RTTNews - The South Korean stock market has extended its winning streak to eight sessions, collecting more than 120 points or 8.5 percent en route to a fresh 10-month closing high. The KOSPI is closing on resistance at 1,500 points, and now investors are looking for the market to crash through that barrier at the opening of trade on Friday - although GDP numbers for Q2 could affect trade.
The global forecast for the Asian markets is firmly optimistic, with modest gains predicted for the housing and property sectors. Continued good news on the corporate earnings front is expected to add to the positive sentiment, along with solid economic data out of the United States. The European and U.S. markets finished with significant gains, and the Asian markets are also predicted to open higher.
The KOSPI finished slightly higher on Thursday, as gains among the financial stocks were largely offset by weakness among the technology stocks and the automobile producers.
For the day, the index was up 2.45 points or 0.16 percent to close at 1,496.49 after trading between 1,484.83 and 1,504.70. Volume was 634 million shares worth 6.5 trillion won. There were 434 gainers and 359 decliners.
Among the gainers, Industrial Bank of Korea surged 8 percent, while Korea Exchange Bank added 2.36 percent, Woori Finance Holdings gained 3.63 percent, Korea Electric Power Corporation jumped 3.86 percent and SK Telecom was up 2.49 percent.

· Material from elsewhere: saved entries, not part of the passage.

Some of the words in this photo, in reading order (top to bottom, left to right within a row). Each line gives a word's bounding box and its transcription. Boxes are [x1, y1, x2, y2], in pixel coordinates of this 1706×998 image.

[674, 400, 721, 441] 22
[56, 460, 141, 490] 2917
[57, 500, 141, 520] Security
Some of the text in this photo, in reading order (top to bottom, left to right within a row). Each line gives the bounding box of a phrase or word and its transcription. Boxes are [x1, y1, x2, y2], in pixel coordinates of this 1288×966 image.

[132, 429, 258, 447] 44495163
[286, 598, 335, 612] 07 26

Bucking the trend, Hyundai Motor fell 2.97 percent, Kia Motors shed 4.18 percent and LG Electronics slid 3.42 percent.
The lead from Wall Street is broadly positive as stocks staged a substantial rally following an encouraging report on existing home sales after a modest upward move at the opening bell on Thursday. The major averages all closed in positive territory by substantial margins, with the NASDAQ able to extend its winning streak for the twelfth straight session.

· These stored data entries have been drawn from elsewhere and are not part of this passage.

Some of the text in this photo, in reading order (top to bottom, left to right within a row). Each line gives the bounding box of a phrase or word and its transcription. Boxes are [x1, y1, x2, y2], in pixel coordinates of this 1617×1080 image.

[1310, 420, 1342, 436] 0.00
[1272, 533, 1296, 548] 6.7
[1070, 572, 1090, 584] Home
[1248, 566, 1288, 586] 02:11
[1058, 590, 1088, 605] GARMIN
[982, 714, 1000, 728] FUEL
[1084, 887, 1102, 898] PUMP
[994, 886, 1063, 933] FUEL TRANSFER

Earlier, buying interest was generated by data from the National Association of Realtors that showed that existing home sales increased for the third consecutive month in June. Existing home sales rose by 3.6 percent to an annual rate of 4.89 million units in June from a downwardly revised rate of 4.72 million in May. Economists had expected sales to rise to a 4.84 million unit rate from the 4.77 million unit rate originally reported for the previous month.

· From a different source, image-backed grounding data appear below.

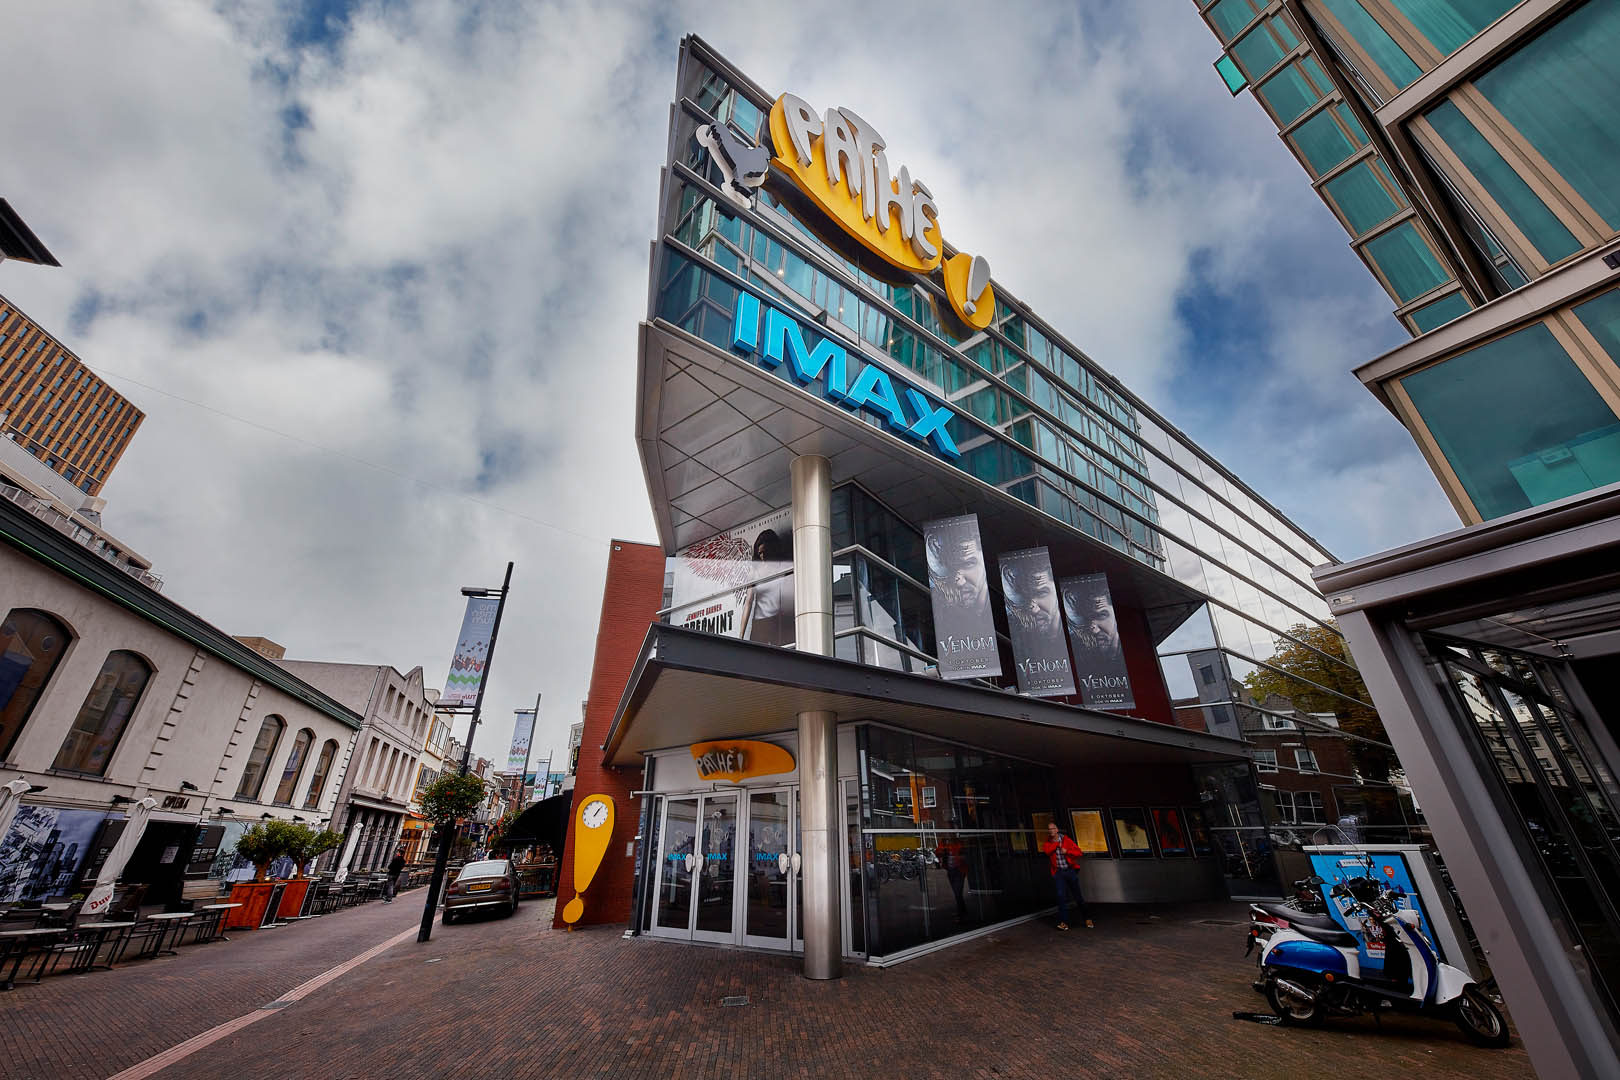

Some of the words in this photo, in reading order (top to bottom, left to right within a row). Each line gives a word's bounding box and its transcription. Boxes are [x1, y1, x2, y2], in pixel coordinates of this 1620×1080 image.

[734, 290, 961, 459] IMAX
[939, 635, 996, 656] VENOM
[1018, 658, 1069, 677] VENOM
[1080, 674, 1129, 691] VENOM
[667, 852, 687, 861] IMAX
[707, 852, 728, 861] IMAX
[756, 852, 779, 861] IMAX
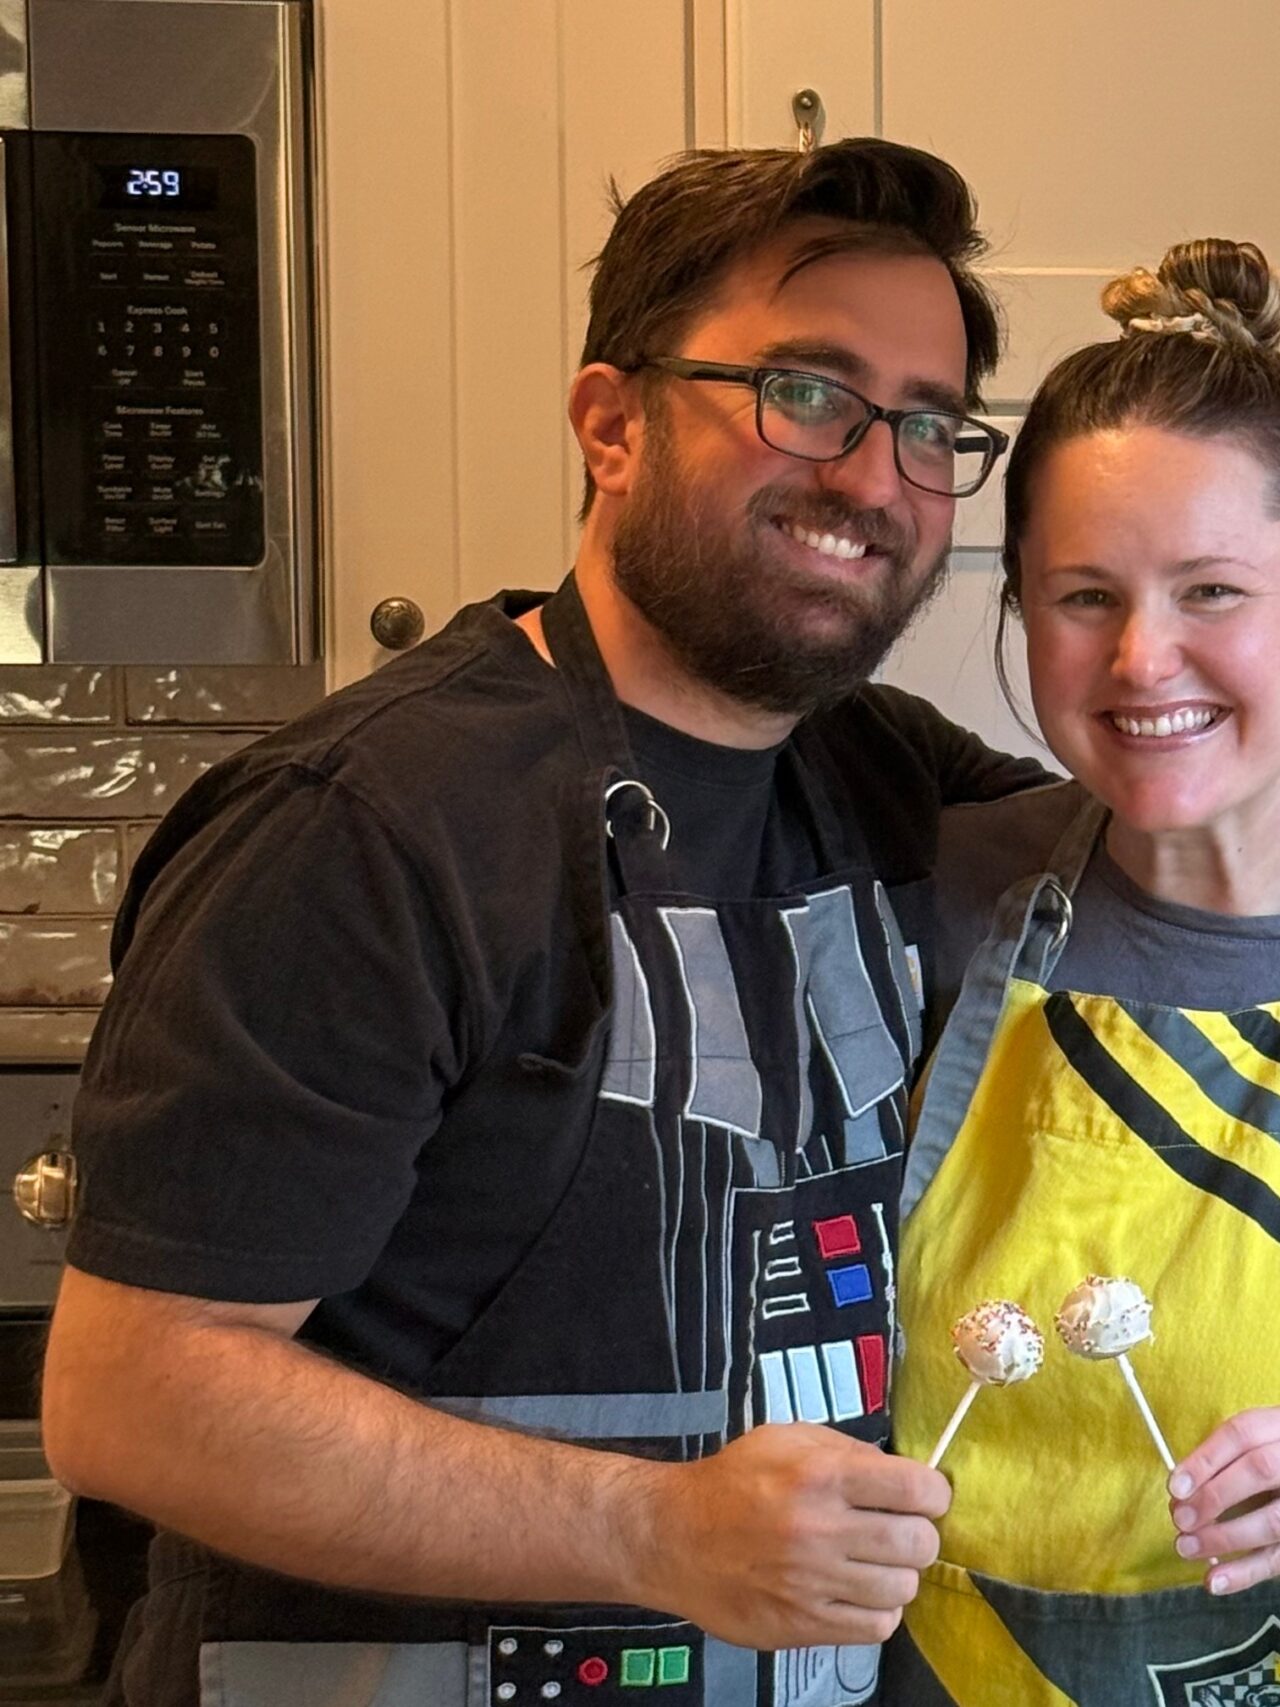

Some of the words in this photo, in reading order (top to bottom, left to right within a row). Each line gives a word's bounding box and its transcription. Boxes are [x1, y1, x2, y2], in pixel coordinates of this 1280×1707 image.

Although a separate report from the Labor Department showed that jobless claims rose in June, the figure rose by slightly less than economists had expected. First-time claims in the week ended July 18th rose to 554,000 from the previous week's revised figure of 524,000. Economists had expected jobless claims to increase to 557,000 from the 522,000 originally reported for the previous week.
Traders also delved into a series of earnings reports, with 3M (MMM), Ford (F) and Wyeth (WYE) reporting results that surpassed Wall Street estimates. McDonald's (MCD), AT&T (T), Qualcomm (QCOM) also beat forecasts, although by more modest margins.
The major averages gave back some ground going into the close, although they held onto standout gains. The Dow closed up by 188.03 points or 2.1 percent at 9,069.29, the NASDAQ advanced by 47.22 points or 2.5 percent to 1.973.60 and the S&P 500 rose by 22.22 points or 2.3 percent to 976.29.
In economic news, South Korea will on Friday release Q2 gross domestic product figures, with analysts predicting a 2.2 percent expansion on quarter, following a 0.1 percent quarterly increase.